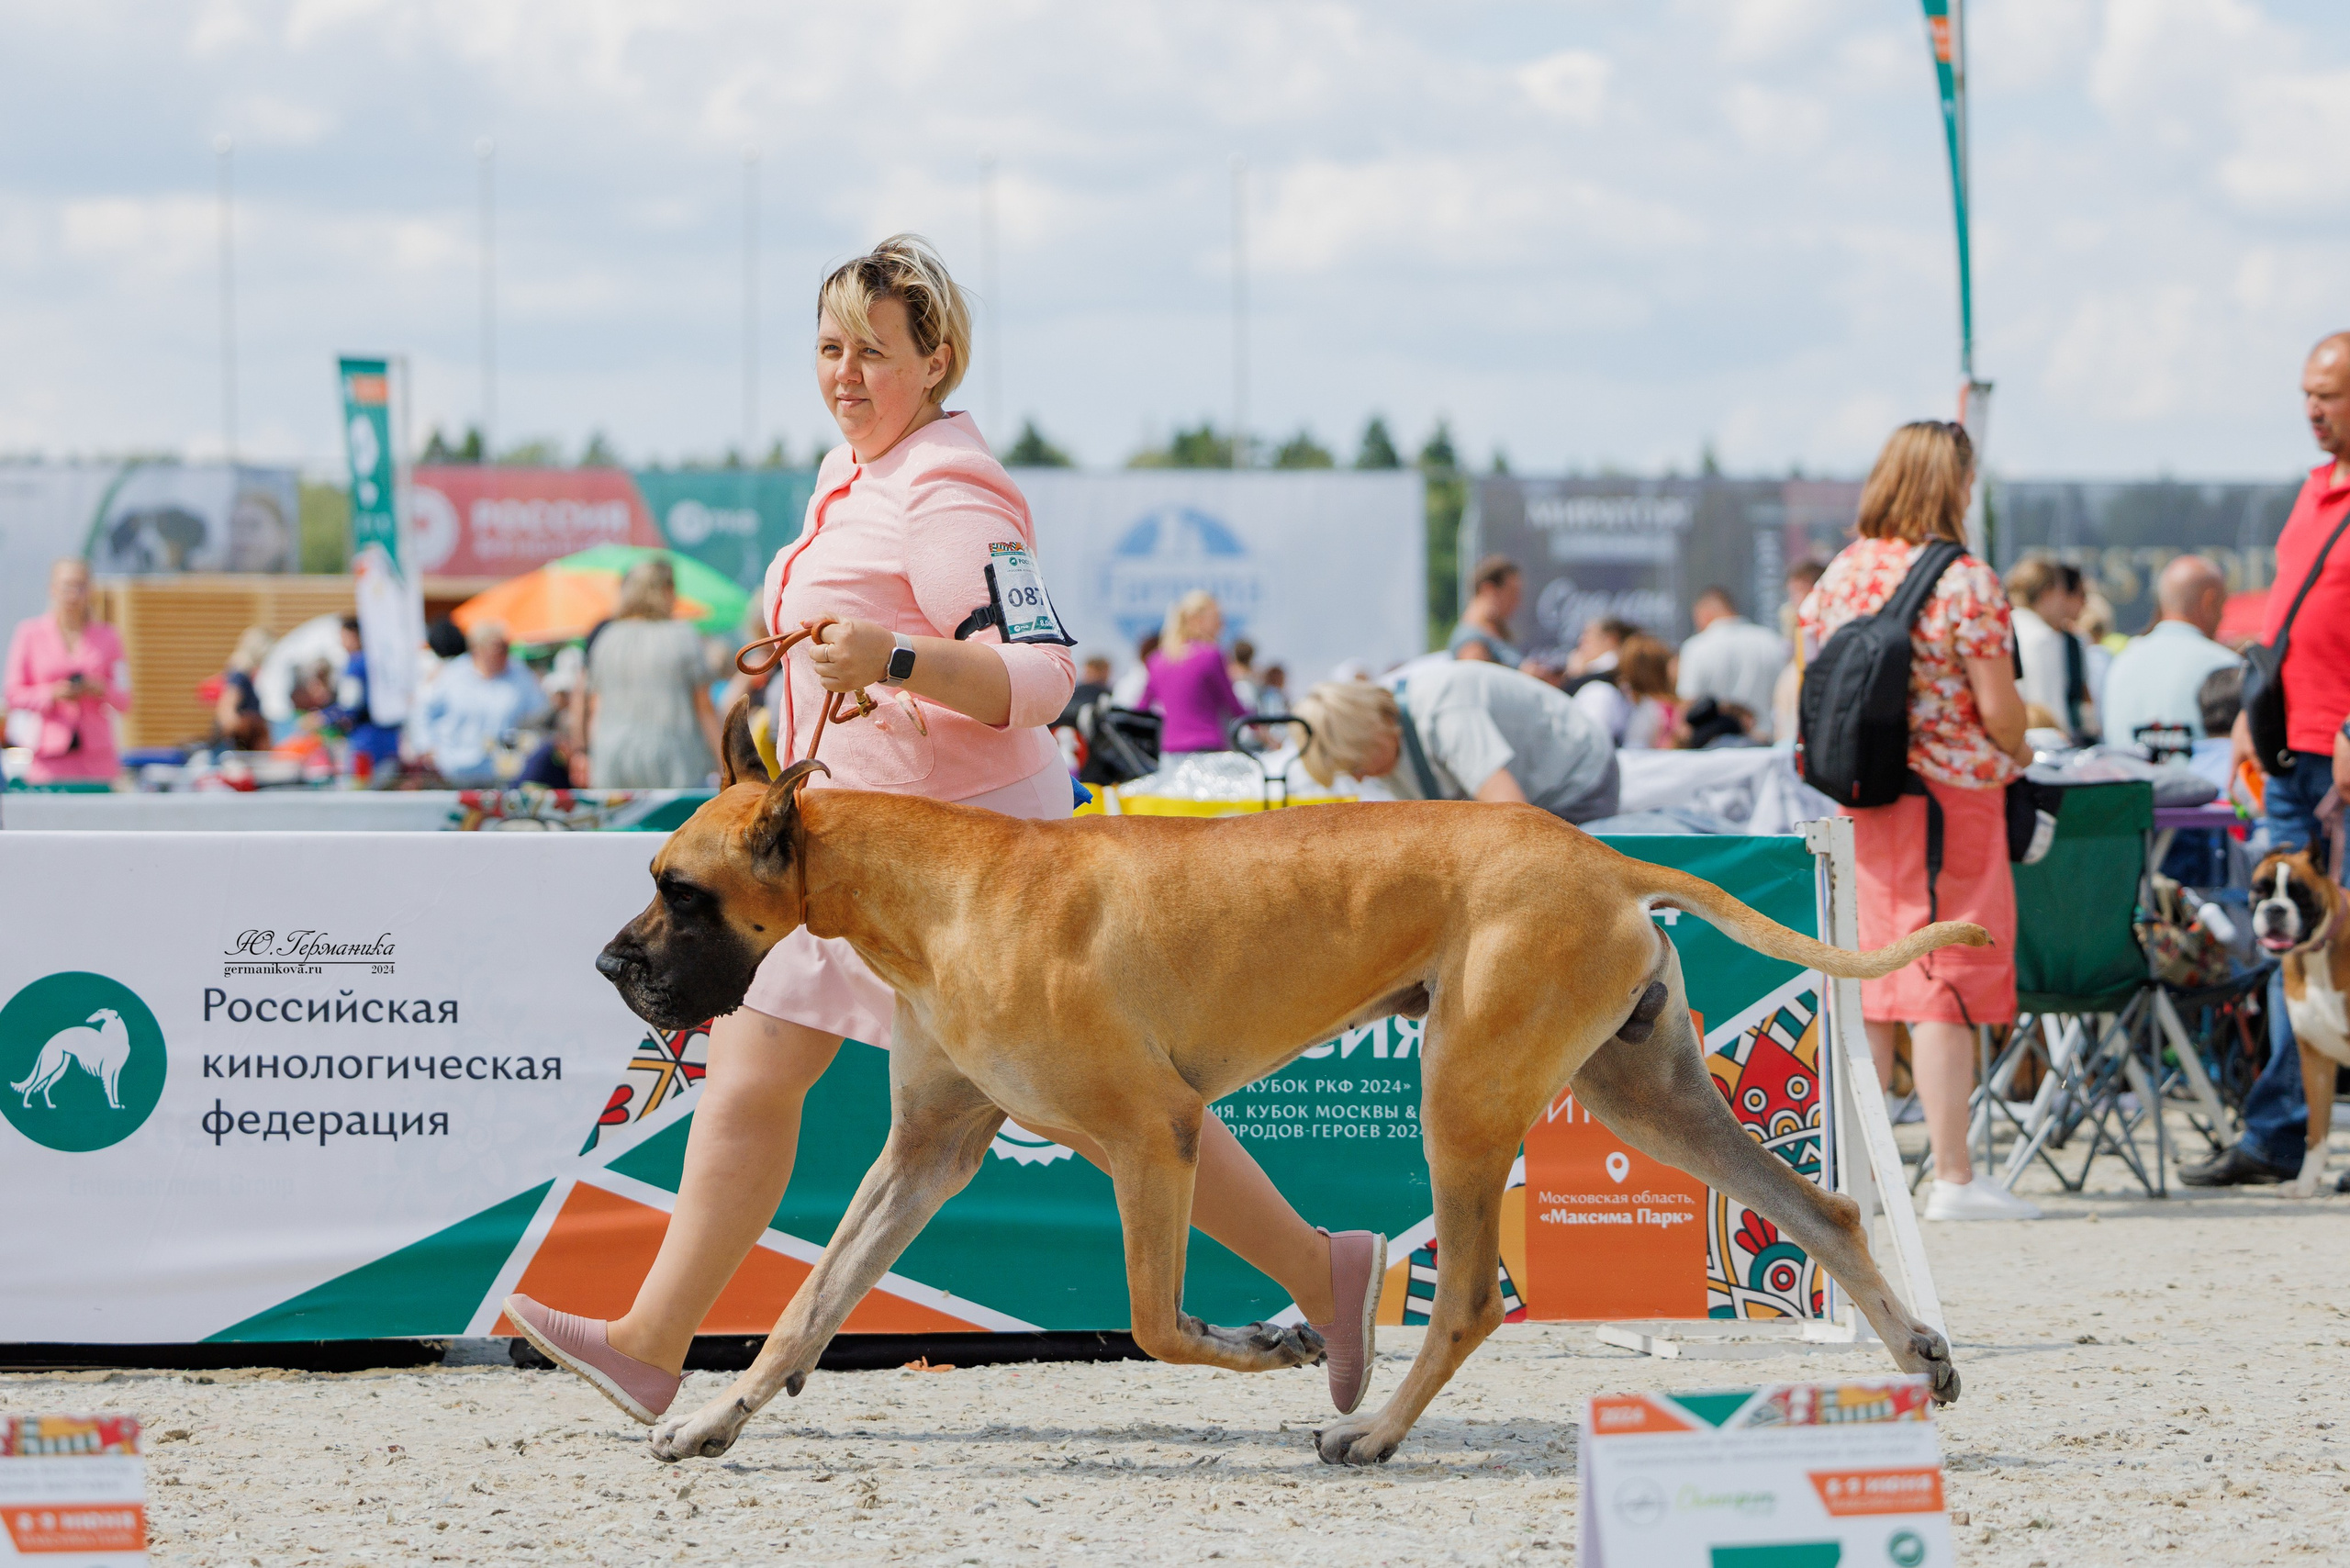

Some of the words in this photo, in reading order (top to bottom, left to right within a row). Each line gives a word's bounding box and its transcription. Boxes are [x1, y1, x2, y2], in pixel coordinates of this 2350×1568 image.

[203, 988, 459, 1024] Российская
[203, 1054, 562, 1081] кинологическая
[1247, 1079, 1309, 1093] КУБОК
[1315, 1079, 1354, 1093] РКФ
[1360, 1079, 1412, 1093] 2024»
[1247, 1104, 1309, 1119] КУБОК
[1315, 1104, 1398, 1119] МОСКВЫ
[1405, 1104, 1418, 1119] &
[202, 1098, 449, 1147] федерация
[1539, 1191, 1628, 1204] Московская
[1632, 1190, 1695, 1204] область,
[1539, 1208, 1633, 1224] «Максима
[1637, 1208, 1694, 1228] Парк»

**WORK TO BE COMPLETED:**
Everything in the entries above except the pictures should be given again exactly.

**EXERCISE RESPONSE:**
Some of the words in this photo, in reading order (top to bottom, left to right within a row). Each line gives a word's bounding box and its transcription. Boxes are [x1, y1, x2, y2], in pixel coordinates of this 2350×1568 image.

[203, 988, 459, 1024] Российская
[203, 1054, 562, 1081] кинологическая
[1247, 1079, 1309, 1093] КУБОК
[1315, 1079, 1354, 1093] РКФ
[1360, 1079, 1412, 1093] 2024»
[1247, 1104, 1309, 1119] КУБОК
[1315, 1104, 1398, 1119] МОСКВЫ
[1405, 1104, 1418, 1119] &
[202, 1098, 449, 1147] федерация
[1539, 1191, 1628, 1204] Московская
[1632, 1190, 1695, 1204] область,
[1539, 1208, 1633, 1224] «Максима
[1637, 1208, 1694, 1228] Парк»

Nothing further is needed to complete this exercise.